"Ho firmato anche io i referendum. Un errore lasciare il garantismo alla destra"

Il senatore del Partito democratico: "Sono uno stimolo per cambiare. Attenzione alla responsabilità civile dei giudici, può diventare un boomerang"

"Ho firmato anche io i referendum. Un errore lasciare il garantismo alla destra"

Anche dal Pd arrivano adesioni ai referendum sulla giustizia proposti da Lega e Radicali. L'ultimo ad aver firmato è il senatore ed ex europarlamentare Gianni Pittella.

Ha dato il suo assenso solo a 5 dei 6 quesiti. Quale non la convince?

«Non ho firmato quello relativo alla responsabilità civile dei giudici. Non sono d'accordo su questo tema, non perché neghi che esista un problema di responsabilità del magistrato che andrebbe ripensata, ma credo che un tema così delicato debba essere affrontato non con un quesito referendario il cui accoglimento potrebbe indurre la pubblica accusa all'inazione, alla paralisi difensiva per timore di conseguenze civilistiche. Lo dico da medico. Ogni volta che si eleva oltre il ragionevole il profilo di responsabilità civile del medico si finisce per impegnarlo in calcoli discutibili non sulle cure migliori, ma su quelle che espongono meno il medico al rischio. E quindi lo stesso si rifugia in una sorta di medicina difensiva».

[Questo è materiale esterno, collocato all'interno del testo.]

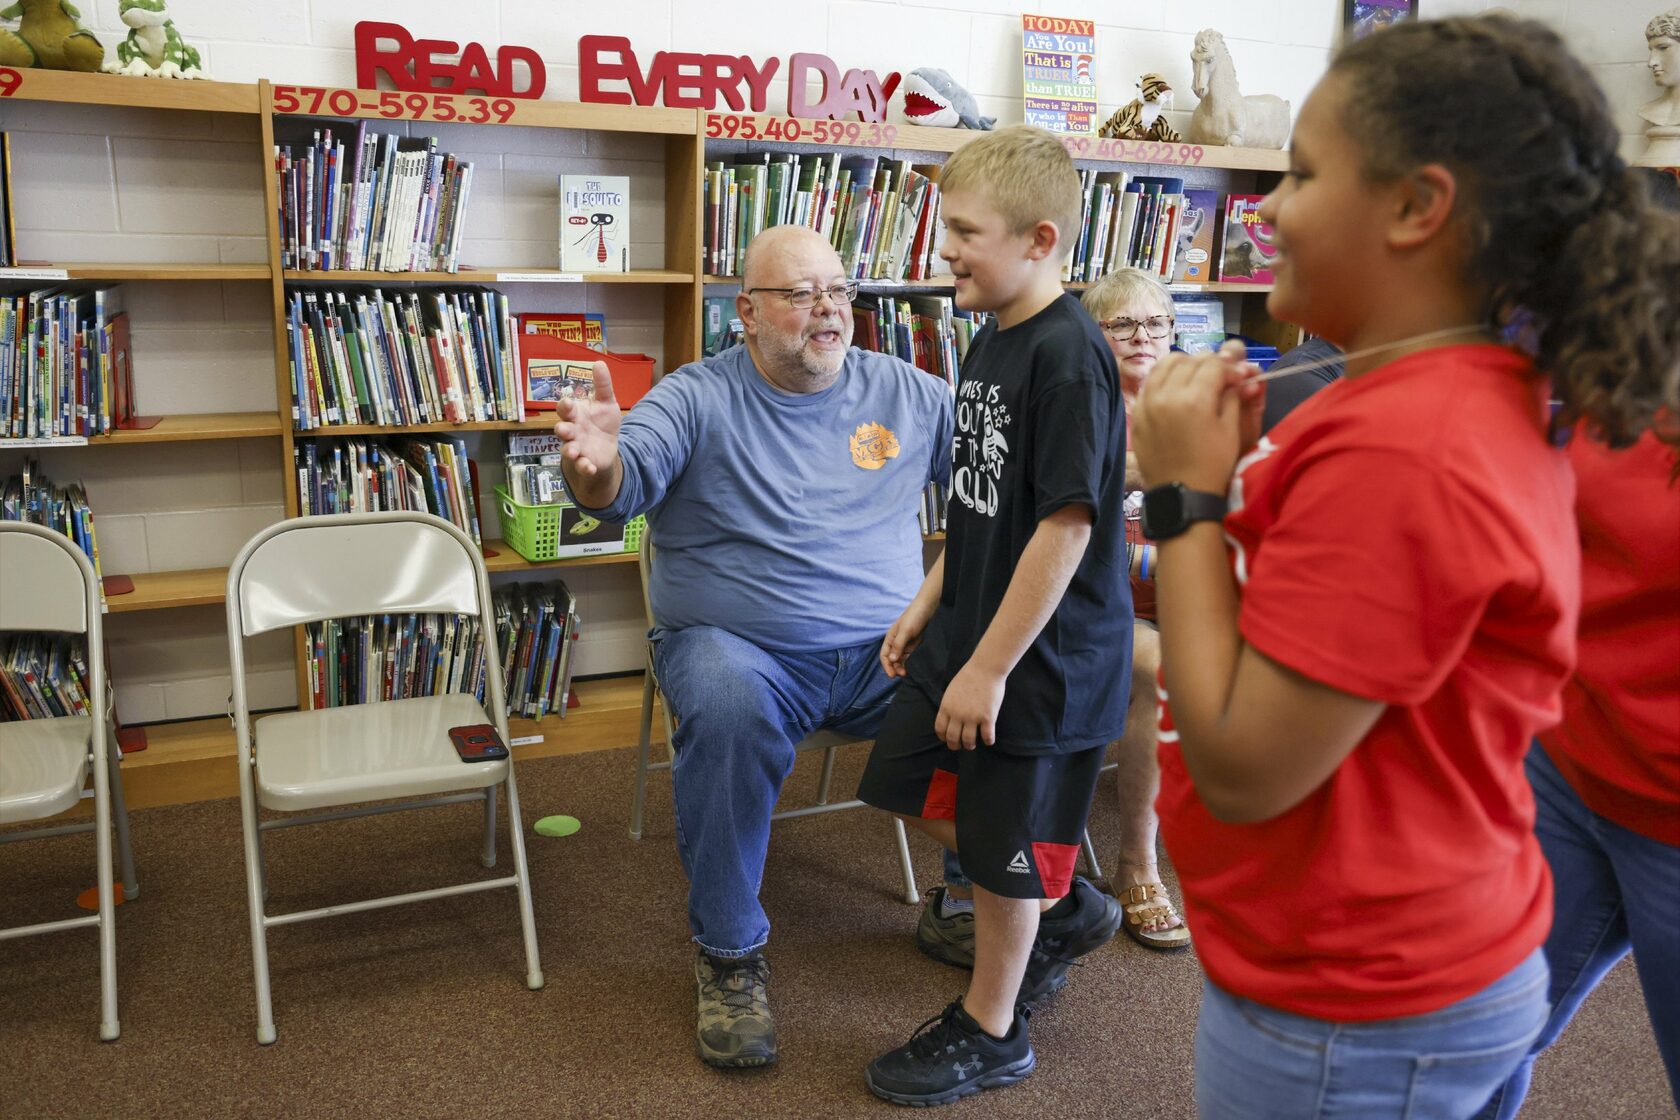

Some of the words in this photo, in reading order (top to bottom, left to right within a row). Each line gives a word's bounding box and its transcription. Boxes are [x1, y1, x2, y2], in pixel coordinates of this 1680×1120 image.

Da uomo di sinistra firma per dei referendum proposti anche dalla Lega, perché?

«Intanto io ho firmato da cittadino e da socialista che vive da sempre la cultura del garantismo. Secondo, la mia firma non impegna né il gruppo del Pd, né il partito, ma soltanto la mia persona. Terzo, io non intendo lasciare a quella destra, alla Lega, a una destra che in alcuni momenti è stata anche manettara e anti garantista il vessillo del garantismo che è storicamente di una forza riformista e socialista».

Pensa ci sia molto da cambiare nel mondo della giustizia?

«Certo, i referendum possono essere uno stimolo che non toglie il merito al ministro Cartabia di aver svolto in questi pochi mesi un grande lavoro di proposizione con equilibrio e saggezza. Che in questo campo serve più che mai per evitare che gli aggiustamenti e le riforme necessarie possano sembrare una sorta di clava contro i magistrati, mentre invece si tratta di agire nell'esclusivo interesse dei cittadini e portare avanti quelle riforme che riequilibrino i poteri legislativo, esecutivo e giudiziario nel nostro Paese».

Crede dunque che il Pd avrebbe potuto proporre gli stessi referendum?

«Il Partito democratico sta lavorando nelle sedi parlamentari dove è giusto che si lavori. I miei colleghi Mirabelli e Rossomando al Senato stanno facendo un grande lavoro sulla giustizia. C'è chi preferisce lavorare in Parlamento e chi si butta ora sugli strumenti referendari. E forse è la prima volta per la Lega nel senso che è un nuovo inizio per Salvini. Forse è un modo per compensare il suo ruolo di governo, per non perdere terreno rispetto alla Meloni. Io la vedo così. In ogni caso, comunque, visto che il meglio dei referendum, cinque su sei, mi convince, perché non firmarlo»?

Palamara descrive quello dei tribunali come un sistema. Ritiene anche lei sia così?

«Certamente ci sono dei problemi e delle criticità che vanno affrontati. Ma con la saggezza e l'intelligenza di chi vuole cambiare in meglio salvando la parte migliore della magistratura.

Perché c'è tantissimo di eccellente e di equilibrato al suo interno e non bisogna fare assolutamente di tutta l'erba un fascio. Le riforme necessarie vanno fatte senza l'idea che bisogna sfasciare tutto, perché questo sarebbe un modo per non fare nulla o soltanto propaganda».